Tudo sempre aconteceu tão diferente.
Todas as outras vezes o mundo girava em torno das situações que antecediam à sua vinda.
A iminência da chegada era sinônimo de interrupção.
Agora eu, e ele, ansiosos esperamos até o momento onde ela adentrará este recinto santo.
A vida de todos aqui está em pause, a espera da protagonista da história.
E eu, querendo ou não, sou a antagonista, mas ninguém deve saber.
Antes eu era a dublê. Atuava apenas nas cenas de ação intensa.
Pura excitação.
O telespectador nem se dava conta de que estive ali.
Mas aqueles instantes antes de passar a bola à atriz principal eram minha razão de viver.
E, daqui a pouco, quando ela se encaminhar ao altar, o play será apertado.
Todos poderão agir.
Menos eu.
O stop simboliza melhor minha situação. Devo recomeçar.
Dentre instantes... ou melhor, agora dá-se início o processo de pacificação.
O branco que ela veste sinaliza a paz.
Nada de guerra.
Nada de competição.
A paz a de reinar.
Agora sem concorrência.
No seu caminhar, no seu sorriso, há serenidade.
Vejo aquele ponto branco lá atrás engrandecer cada vez mais aos olhos dele.
Ela se aproxima ao som de trombetas.
Americanos desfilando em Tóquio.
Uma vez ouvi dizer que a maior crueldade contra um povo era fazê-lo perceber sua inferioridade enquanto o dominador exibia seu poderio pelas suas ruas em meio à sua rendição. Fazendo-o admirar contra a sua vontade a superioridade do vencedor.
Nesta guerra, fui vencida.
Só me resta a contemplação.
Sou mera telespectadora naquela encenação que se inicia.
Todo aquele sermão inútil.
O futuro da relação não depende em nada do que se escuta aqui.
Mas o Reverendo Padre insiste que sim.
E exige sins. Not sins.
Sim.
Sim.
Simbolizando o meu fim. Estou fora.
E o teatro continua.
Agitando a plateia do início ao fim.
Sucesso de crítica.
Em meio a sorrisos e lágrimas emocionadas estou eu, enfadada.
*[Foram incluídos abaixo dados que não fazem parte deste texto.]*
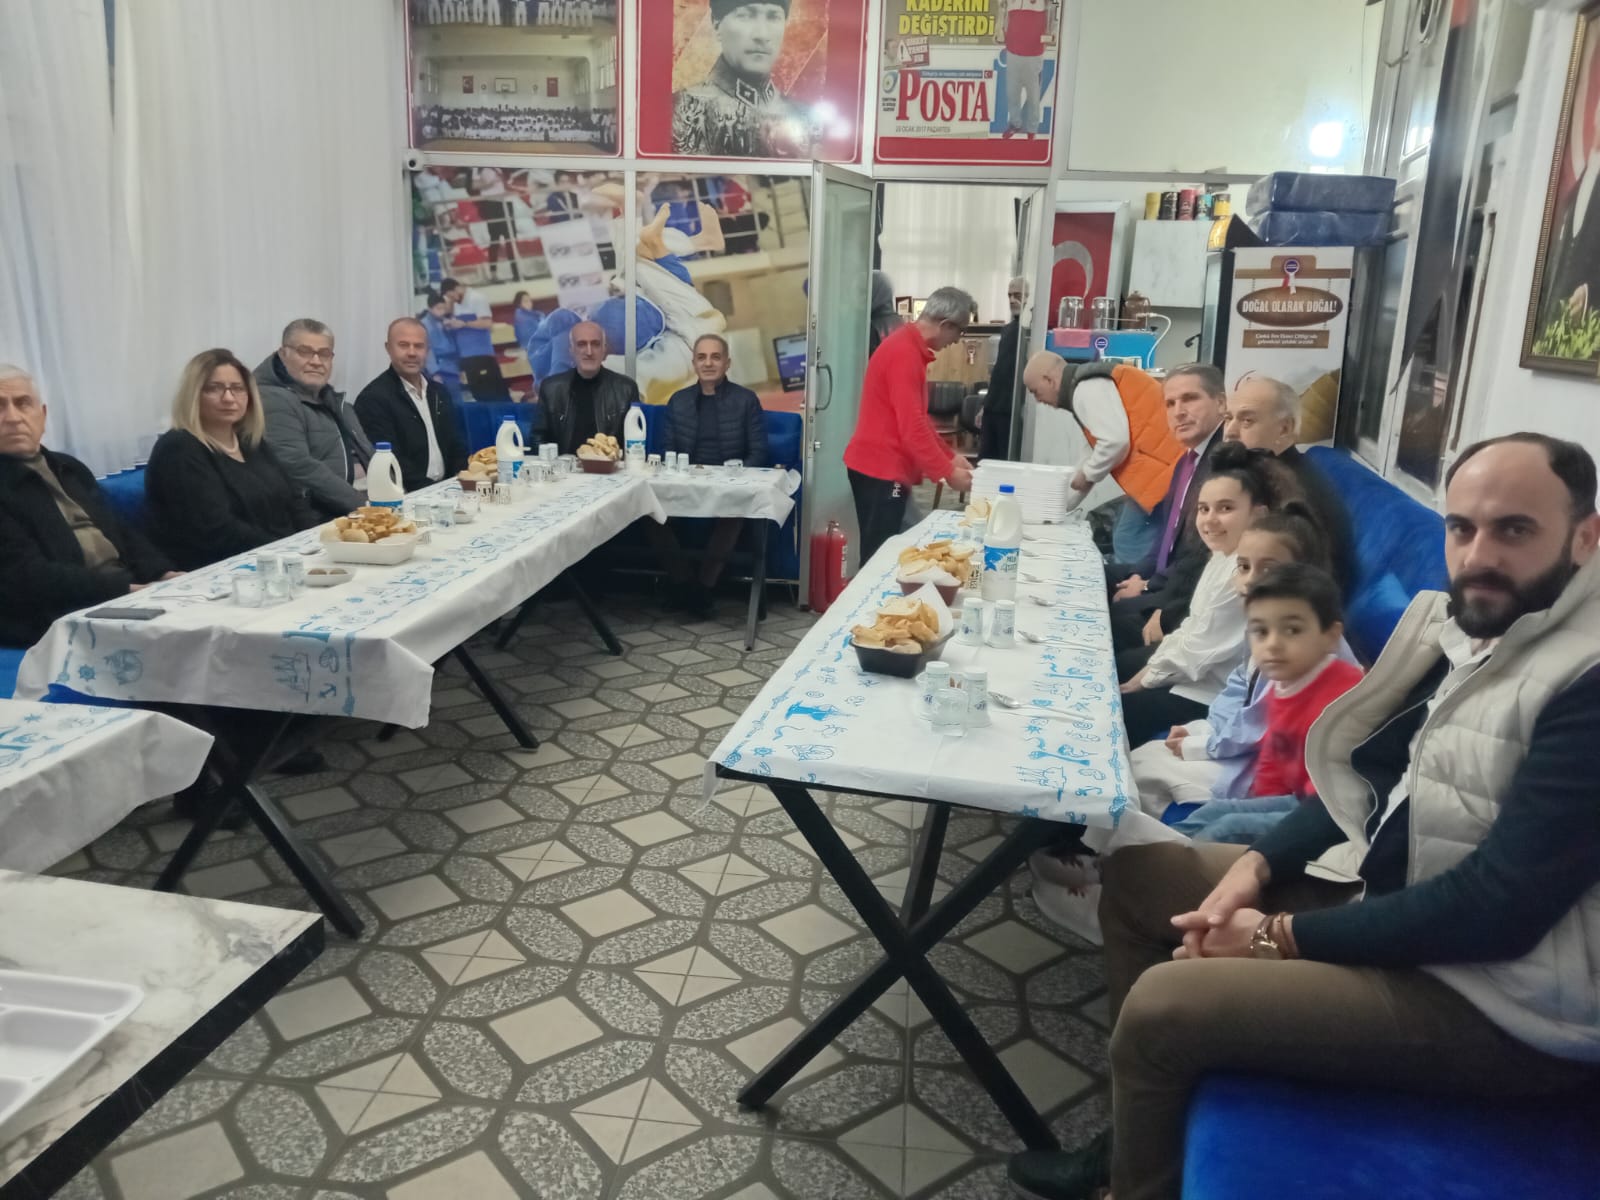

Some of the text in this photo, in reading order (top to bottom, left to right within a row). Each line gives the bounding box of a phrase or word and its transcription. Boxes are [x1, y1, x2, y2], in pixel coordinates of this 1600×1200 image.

[898, 14, 995, 37] DEĞİŞTİRDİ
[896, 69, 990, 122] POSTA
[1242, 299, 1337, 313] DOĞAL OLARAK DOĞAL!
Olho pra frente e tento manter o silêncio em minha mente.
Tento me acostumar com essa postura.
O padre já fez aquela pergunta aos que acompanham.
A essa altura apenas queria que alguém levantasse a mão.
Ele, sereno, aguarda o fim do trâmite.
Alguém?
Ela, apreensiva e confiante, a espera do silêncio.
Alguém contra a união desses dois?
Eu, indo na contramão, esperando a quebra do silêncio até que...
Nada acontece.
O padre quebra o silêncio dizendo o “pode beijar a noiva”.
Eu simplesmente tento não olhar para não sentir as apunhaladas.
Isso me faz sofrer mais do que qualquer arma faria.
Não tenho defesa.
Não tenho opção.
A faca tem de cortar.
Corte.
Fim da peça.
O casal sai.
Perdi muito sangue
Tudo roda.
Minhas vistas estão turvas.
Mas entre elas posso vê-los passar.
Ele me olha.
O tempo para.
Milésimos de segundo marcam a duração daquele olhar.
Mas para mim, uma conversa inteira.
Ele diz para eu ficar bem.
Me acalma.
Sara minhas feridas e me dá carinho.
Me sinto melhor. Mais viva.
Nada mudou.
Como sou boba.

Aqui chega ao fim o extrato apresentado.